20
Bligh deelde trots sigaren uit. ‘Het is een jongen,’ vertelde hij opgetogen aan een ieder die het horen wilde. ‘De dokter heeft me zelf door de embryoscoop laten kijken, en hij zei dat hij nog nooit zo’n ontwikkeld veertig-dagen-embryo had gezien. En dat meende hij. Reken maar dat het allerbeste nauwelijks goed genoeg is voor de jongen, als hij eenmaal...’

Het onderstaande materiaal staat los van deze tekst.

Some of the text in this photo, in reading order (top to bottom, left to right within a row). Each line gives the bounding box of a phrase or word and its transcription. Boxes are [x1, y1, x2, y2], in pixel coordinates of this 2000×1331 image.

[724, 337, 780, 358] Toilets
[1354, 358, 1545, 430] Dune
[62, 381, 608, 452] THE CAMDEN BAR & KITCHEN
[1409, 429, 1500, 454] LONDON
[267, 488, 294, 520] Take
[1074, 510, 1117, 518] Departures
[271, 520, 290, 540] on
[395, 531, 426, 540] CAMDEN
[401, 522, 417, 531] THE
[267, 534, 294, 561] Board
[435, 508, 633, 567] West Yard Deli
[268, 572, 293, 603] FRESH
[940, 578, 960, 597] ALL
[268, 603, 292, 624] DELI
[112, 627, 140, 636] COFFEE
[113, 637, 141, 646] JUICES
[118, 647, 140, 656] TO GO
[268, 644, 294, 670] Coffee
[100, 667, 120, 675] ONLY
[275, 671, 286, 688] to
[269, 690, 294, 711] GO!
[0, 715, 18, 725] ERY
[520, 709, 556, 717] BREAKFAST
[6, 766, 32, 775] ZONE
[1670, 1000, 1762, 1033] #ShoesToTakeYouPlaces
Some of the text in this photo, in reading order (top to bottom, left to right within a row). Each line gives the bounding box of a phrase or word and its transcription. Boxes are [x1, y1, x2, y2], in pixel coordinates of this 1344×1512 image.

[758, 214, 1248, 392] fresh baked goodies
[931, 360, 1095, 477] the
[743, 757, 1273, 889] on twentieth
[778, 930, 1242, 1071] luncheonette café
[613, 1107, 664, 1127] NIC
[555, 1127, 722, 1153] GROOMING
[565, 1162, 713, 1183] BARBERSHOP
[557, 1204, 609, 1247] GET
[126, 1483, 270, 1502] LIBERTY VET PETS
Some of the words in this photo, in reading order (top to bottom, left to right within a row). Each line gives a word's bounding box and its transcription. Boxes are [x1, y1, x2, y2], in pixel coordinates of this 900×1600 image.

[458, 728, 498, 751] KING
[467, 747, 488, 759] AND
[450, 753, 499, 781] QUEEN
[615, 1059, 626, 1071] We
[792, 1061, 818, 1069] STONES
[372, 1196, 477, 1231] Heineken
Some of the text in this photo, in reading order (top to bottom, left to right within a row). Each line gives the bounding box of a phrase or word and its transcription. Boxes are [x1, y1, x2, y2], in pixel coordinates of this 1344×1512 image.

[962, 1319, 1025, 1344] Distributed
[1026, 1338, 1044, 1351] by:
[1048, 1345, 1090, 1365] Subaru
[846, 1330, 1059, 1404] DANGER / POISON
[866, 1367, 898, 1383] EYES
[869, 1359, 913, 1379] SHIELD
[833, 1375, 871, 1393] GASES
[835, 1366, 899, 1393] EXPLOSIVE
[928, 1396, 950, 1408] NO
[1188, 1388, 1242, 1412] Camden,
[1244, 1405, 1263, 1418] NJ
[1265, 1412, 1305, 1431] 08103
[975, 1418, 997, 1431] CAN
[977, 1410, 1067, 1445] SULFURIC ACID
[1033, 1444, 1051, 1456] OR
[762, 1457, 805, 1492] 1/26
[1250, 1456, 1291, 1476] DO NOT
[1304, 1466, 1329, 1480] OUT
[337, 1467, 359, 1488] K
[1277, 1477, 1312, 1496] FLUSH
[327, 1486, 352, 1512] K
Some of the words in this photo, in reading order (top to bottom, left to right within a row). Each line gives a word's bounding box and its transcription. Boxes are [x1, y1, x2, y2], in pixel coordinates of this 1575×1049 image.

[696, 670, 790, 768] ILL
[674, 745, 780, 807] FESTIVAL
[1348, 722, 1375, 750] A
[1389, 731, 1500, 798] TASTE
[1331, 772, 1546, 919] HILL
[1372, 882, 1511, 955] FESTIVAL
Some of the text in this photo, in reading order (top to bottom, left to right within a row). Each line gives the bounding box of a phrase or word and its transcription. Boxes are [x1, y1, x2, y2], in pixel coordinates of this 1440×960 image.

Charles Mundin kwam uit zijn privékantoor.
‘Goeiemorgen!’ kraaide Norvell Bligh. ‘Het is een jongen, chef! De dokter was enthousiast. Neem een sigaar.’
‘Gefeliciteerd,’ zei Mundin zuur. ‘Norvell, kunnen we nu aan de slag gaan? Dit is ten slotte de grote dag!’
Norvell zei ontnuchterd: ‘Jawel, meneer.’ Ze gingen Ryans kantoor binnen.
Een typiste had naar het gesprek geluisterd. Norma Lavin, die na Mundin en Bligh het kantoor binnenging, zag dat het meisje een vaas met bloemen opnam en ter hoogte van haar lippen hield. Vreemd, had ze dorst? vroeg Norma zich af. Maar het meisje scheen niet van het water te drinken, hoewel haar lippen bewogen. Ze wilde misschien haar kauwgom kwijt, dacht Norma. Of was ze aan het praten? Maar op dit moment werd ze aangeklampt door Bliss Hubble, en ze dacht er verder niet over na.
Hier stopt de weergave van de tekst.